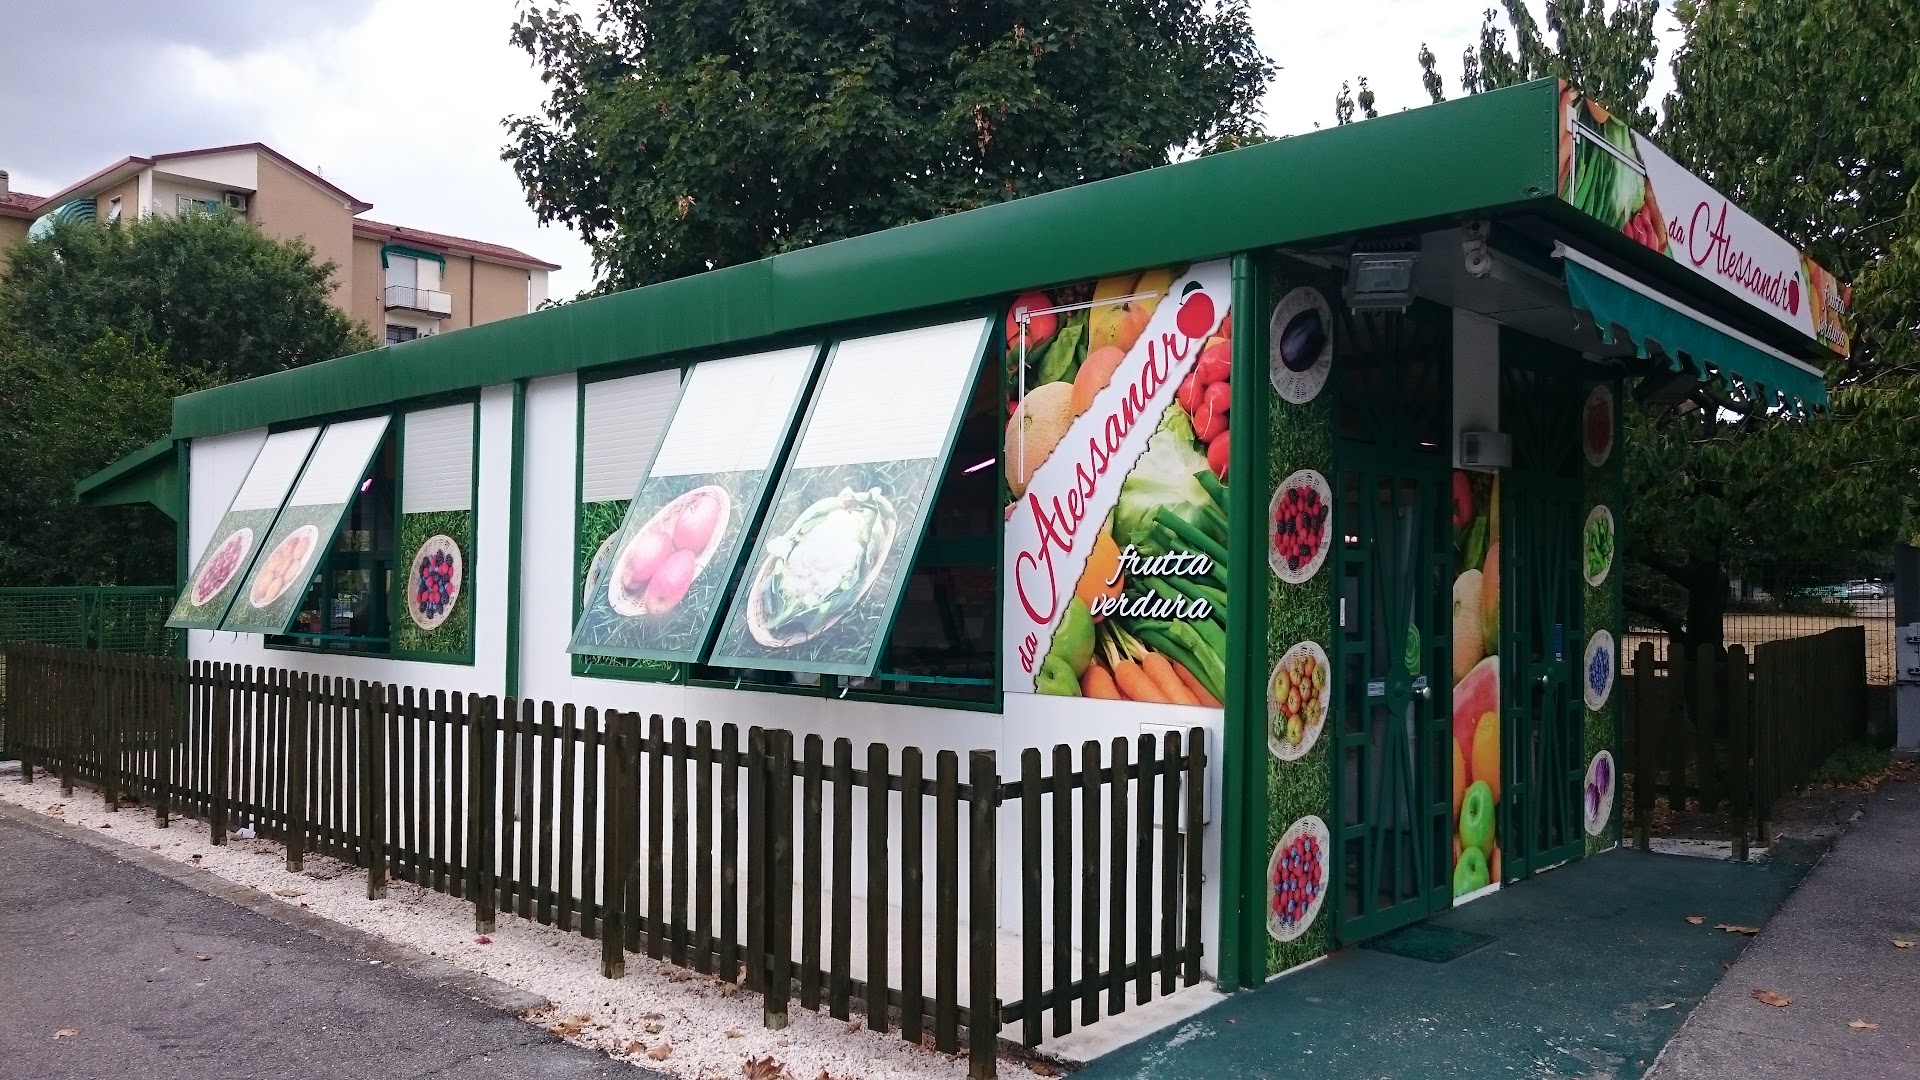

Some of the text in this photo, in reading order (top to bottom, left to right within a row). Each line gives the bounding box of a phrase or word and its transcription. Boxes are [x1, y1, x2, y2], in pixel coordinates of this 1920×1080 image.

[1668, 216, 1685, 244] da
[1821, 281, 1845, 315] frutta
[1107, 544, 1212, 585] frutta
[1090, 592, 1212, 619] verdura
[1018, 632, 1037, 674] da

= = = = = = =

**Goal of the exercise**
Pictures stay out; everything else in the listing above is to be repeated exactly.

**Response to the exercise**
Some of the text in this photo, in reading order (top to bottom, left to right within a row). Each line gives the bounding box of a phrase or word and its transcription. Boxes are [x1, y1, x2, y2], in pixel coordinates of this 1920×1080 image.

[1668, 216, 1685, 244] da
[1821, 281, 1845, 315] frutta
[1107, 544, 1212, 585] frutta
[1090, 592, 1212, 619] verdura
[1018, 632, 1037, 674] da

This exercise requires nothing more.